▶ [Supplied information]:
━━━━

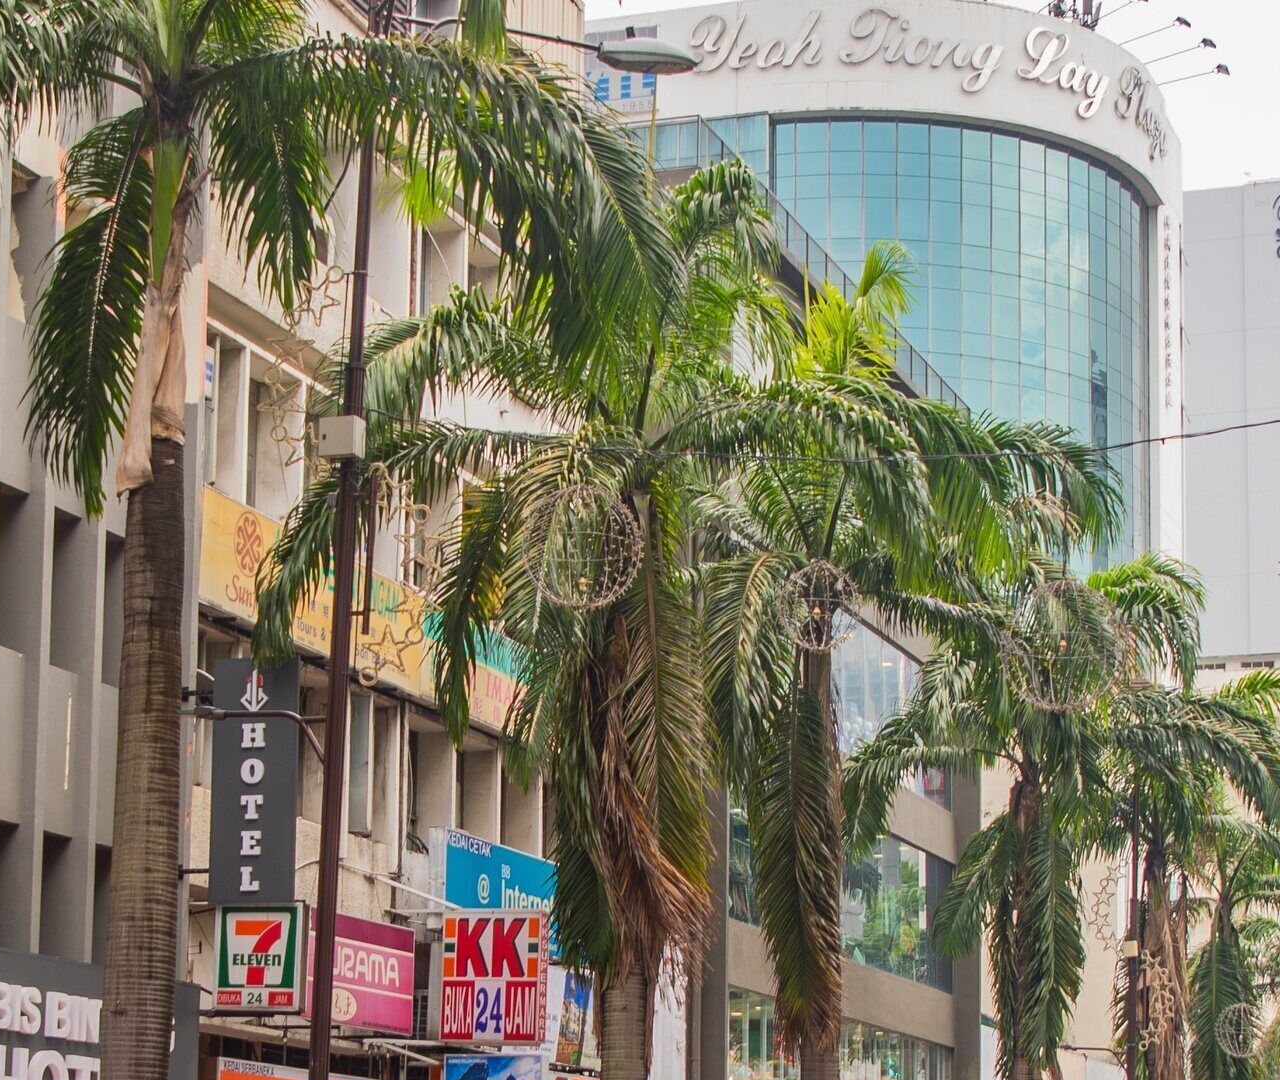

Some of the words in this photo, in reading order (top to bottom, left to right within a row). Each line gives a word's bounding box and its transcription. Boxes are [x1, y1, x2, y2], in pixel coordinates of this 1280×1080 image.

[687, 8, 824, 73] Yeoh
[839, 7, 1004, 93] Tiong
[1017, 26, 1110, 120] Lay
[239, 722, 266, 893] HOTEL
[446, 829, 468, 851] KEDAI
[468, 837, 492, 858] CETAK
[501, 863, 511, 880] BB
[455, 916, 528, 978] KK
[246, 992, 263, 1007] 24
[273, 994, 288, 1005] JAM
[443, 984, 474, 1040] BUKA
[474, 985, 503, 1035] 24
[504, 985, 536, 1040] JAM
[223, 1060, 241, 1072] KEDAI
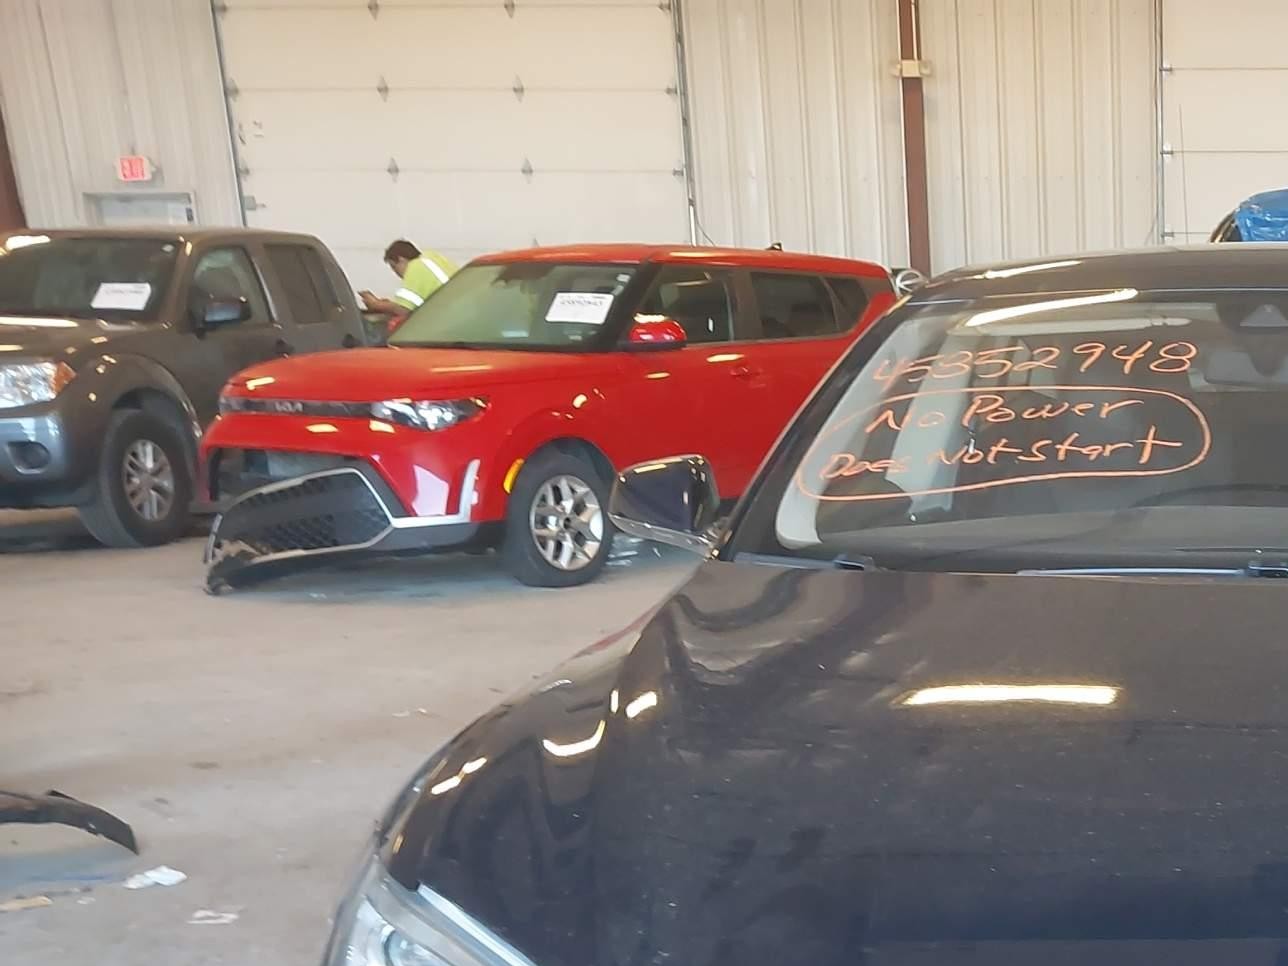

━━━━

▶ [Action item]: A word-for-word copy of all the data, without pictures, is the expected output.

▶ [Written answer]:
Some of the words in this photo, in reading order (top to bottom, left to right within a row). Each line gives a word's bounding box and its transcription. Boxes are [x1, y1, x2, y2], in pixel coordinates of this 1280×1080 image.

[687, 8, 824, 73] Yeoh
[839, 7, 1004, 93] Tiong
[1017, 26, 1110, 120] Lay
[239, 722, 266, 893] HOTEL
[446, 829, 468, 851] KEDAI
[468, 837, 492, 858] CETAK
[501, 863, 511, 880] BB
[455, 916, 528, 978] KK
[246, 992, 263, 1007] 24
[273, 994, 288, 1005] JAM
[443, 984, 474, 1040] BUKA
[474, 985, 503, 1035] 24
[504, 985, 536, 1040] JAM
[223, 1060, 241, 1072] KEDAI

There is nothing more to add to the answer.